[Dataset excerpts Boundary: Start]

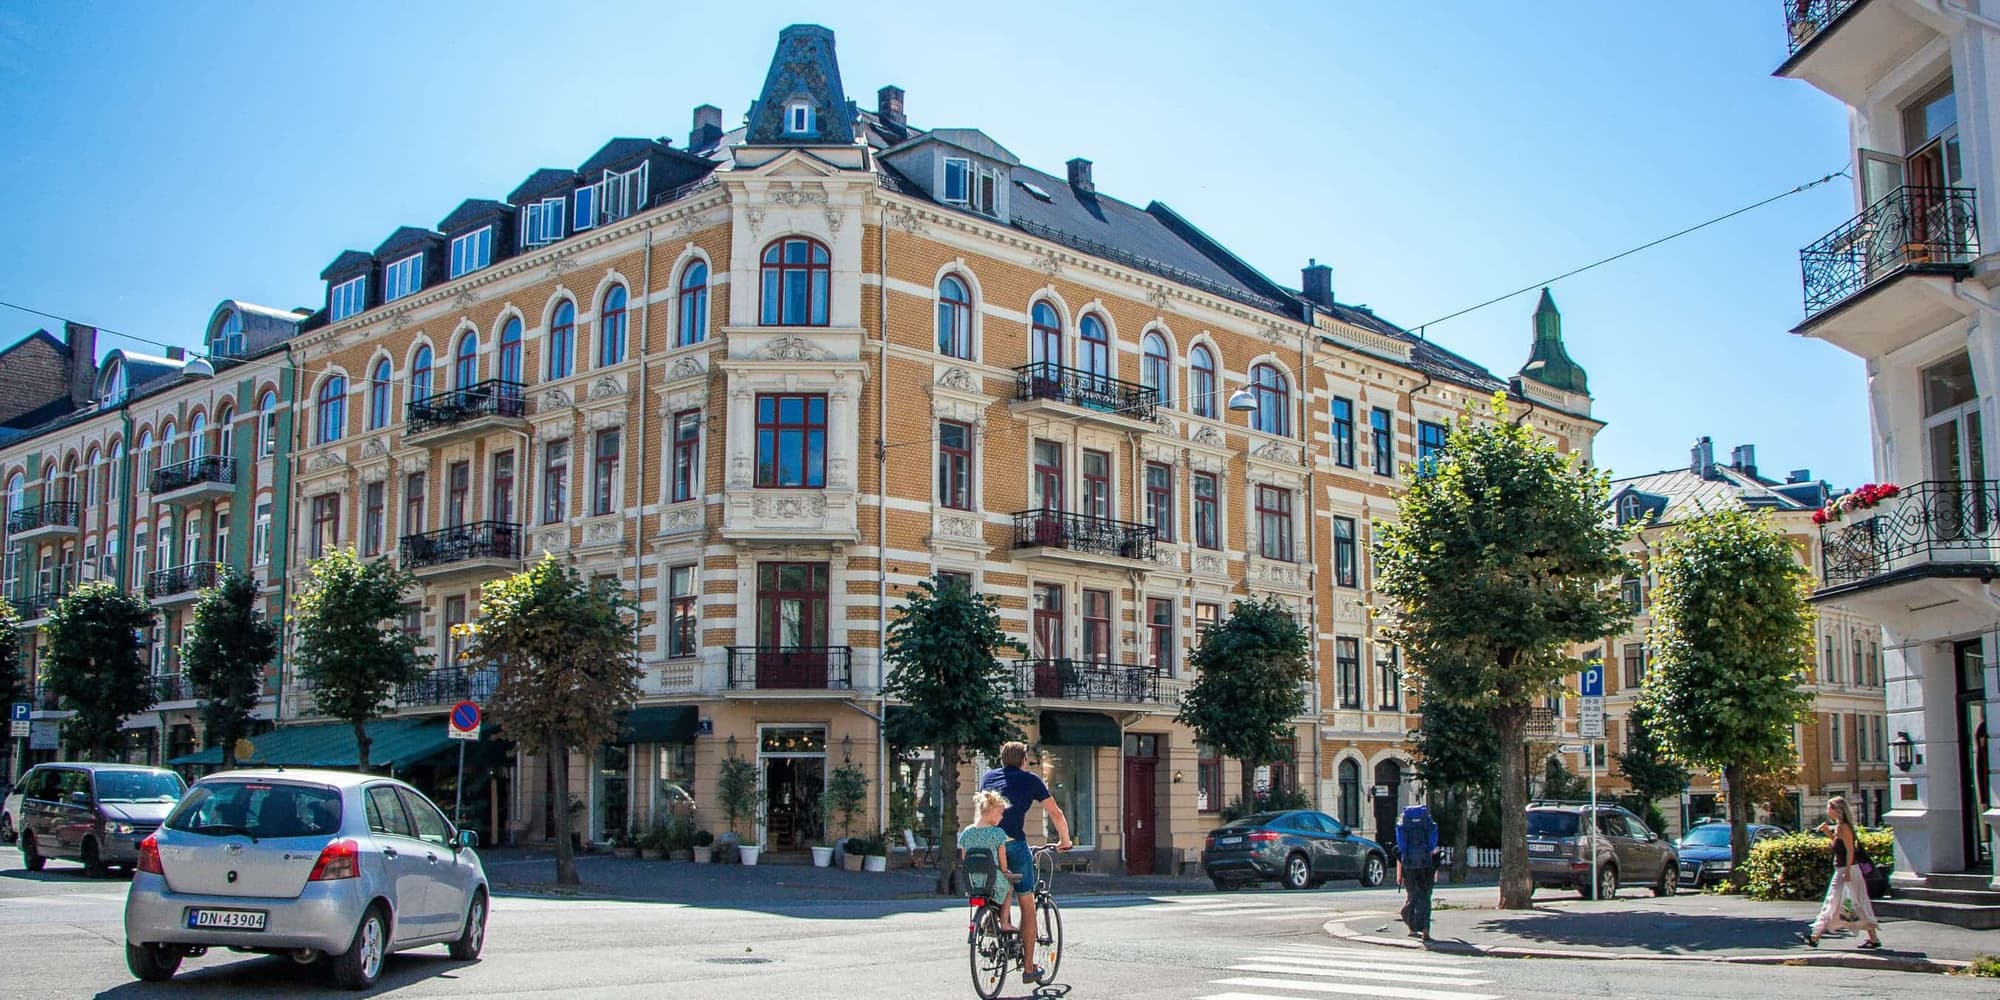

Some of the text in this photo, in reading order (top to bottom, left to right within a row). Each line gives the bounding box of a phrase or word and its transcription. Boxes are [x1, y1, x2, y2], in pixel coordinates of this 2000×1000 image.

[1586, 670, 1598, 692] P
[16, 705, 26, 718] P
[200, 911, 263, 927] DN 43904
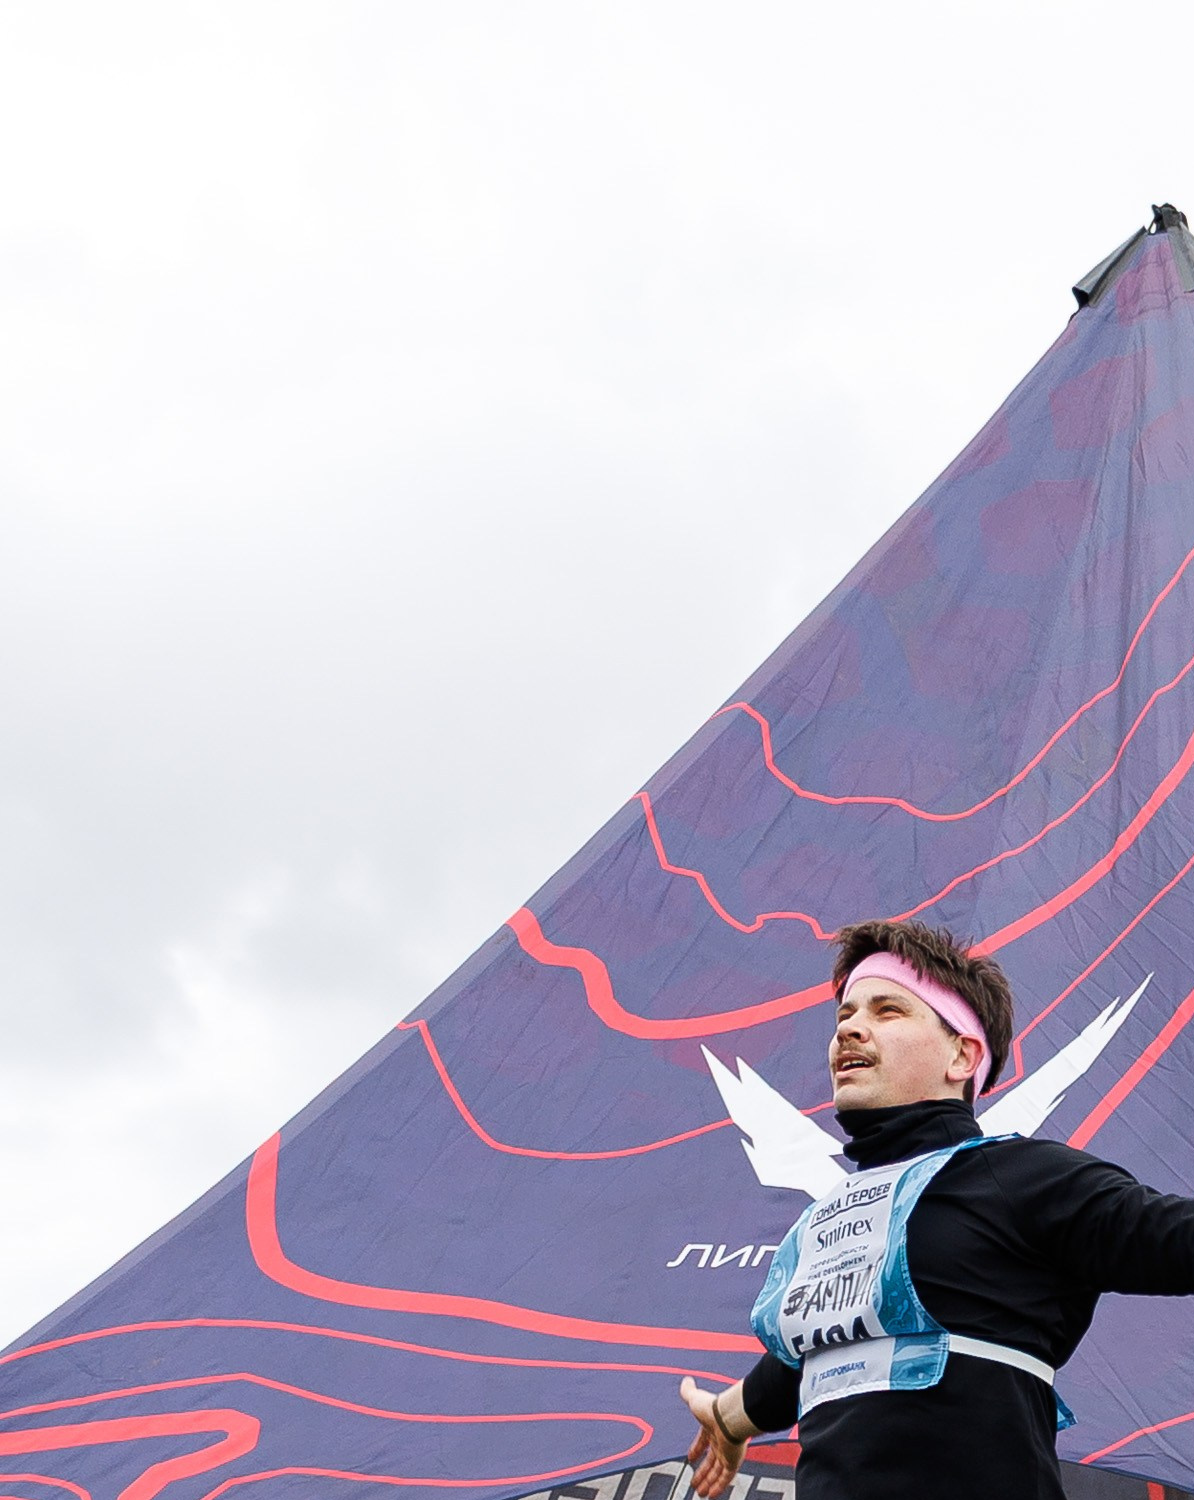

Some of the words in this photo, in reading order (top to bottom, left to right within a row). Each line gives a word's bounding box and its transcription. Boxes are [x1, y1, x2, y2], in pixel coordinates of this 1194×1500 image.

[Dataset excerpts Boundary: End]

» Aim of the exercise
Above are the records; give them all again exactly, apart from the pictures.

» Result of this exercise
Some of the text in this photo, in reading order (top to bottom, left to right within a row). Each line gives the bounding box of a phrase or word and its transcription. Boxes are [x1, y1, x2, y2], in pixel coordinates of this 2000×1000 image.

[1586, 670, 1598, 692] P
[16, 705, 26, 718] P
[200, 911, 263, 927] DN 43904

Some of the words in this photo, in reading order (top to bottom, left to right within a row). Each line gives a word's bounding box and its transcription. Boxes are [x1, y1, x2, y2], in pixel coordinates of this 1194×1500 image.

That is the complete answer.